Di un referendum per l’indipendenza della Nuova Caledonia si parla da quasi 30 anni. Nel Novecento cominciò a svilupparsi un movimento indipendentista che portò all’organizzazione di proteste anche violente: era guidato dal gruppo Front de Libération National Kanak Socialist (FLNKS) di Jean Marie Tjibaou, che chiedeva la creazione di uno stato chiamato Kanaky. Nel 1987 fu tenuto un referendum sull’indipendenza dalla Francia: vinsero a grandissima maggioranza i contrari (98,3 per cento), ma molti gruppi indipendentisti boicottarono il voto. Una specie di riconciliazione fu raggiunta nel 1988 con gli accordi di Matignon, firmati tra i leader delle due fazioni neocaledoni e il governo francese (Matignon era il nome della residenza del primo ministro francese). Tra le altre cose, gli accordi stabilivano la data per il referendum sull’indipendenza dalla Francia, che si sarebbe dovuto tenere dieci anni dopo. Nel 1998, tuttavia, la decisione fu rimandata. Si firmarono altri accordi – gli Accordi di Numea, dal nome della principale città della Nuova Caledonia – con cui si decise che il referendum si sarebbe tenuto entro la fine del 2018.

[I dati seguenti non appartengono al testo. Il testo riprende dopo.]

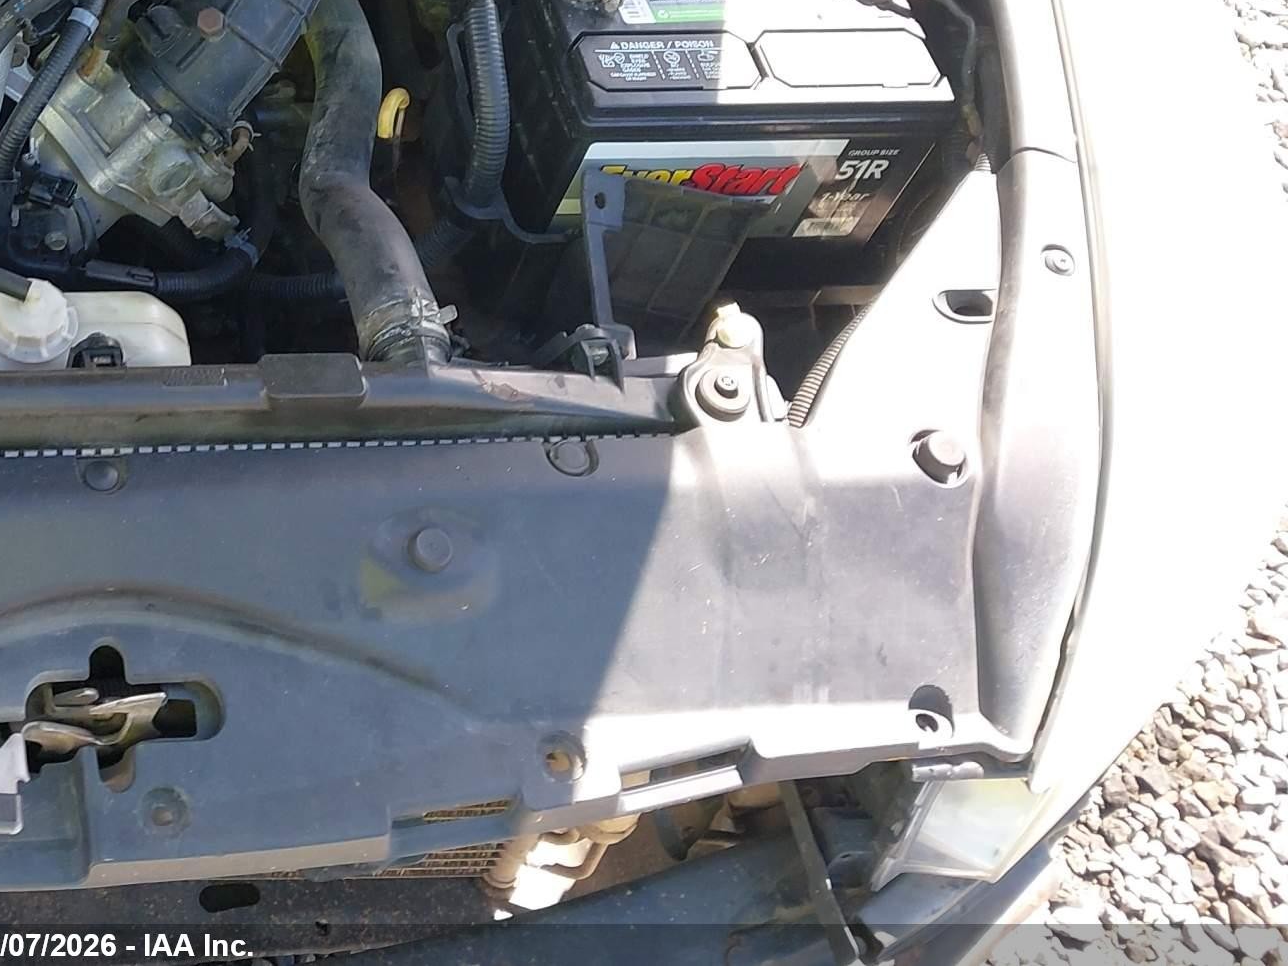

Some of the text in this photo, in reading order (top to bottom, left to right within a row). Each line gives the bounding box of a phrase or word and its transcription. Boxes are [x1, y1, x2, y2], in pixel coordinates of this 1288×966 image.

[620, 41, 665, 50] DANGER
[675, 40, 714, 49] POISON
[848, 148, 900, 157] GROUP SIZE
[835, 159, 890, 181] 51R

Ancora oggi le posizioni sull’indipendenza seguono per lo più divisioni etniche. I kanaki, circa il 39 per cento della popolazione, sono favorevoli a staccarsi dalla Francia, mentre i neocaledoni non indigeni sono contrari (gli europei sono il 27 per cento). Il presidente francese Emmanuel Macron, che ha autorizzato il referendum, ha detto di sperare che la Nuova Caledonia rimanga parte della Francia, ma ha aggiunto che il suo governo non prenderà posizione nel referendum. Secondo gli ultimi sondaggi, i contrari all’indipendenza dovrebbero essere tra il 69 e il 75 per cento del totale degli elettori.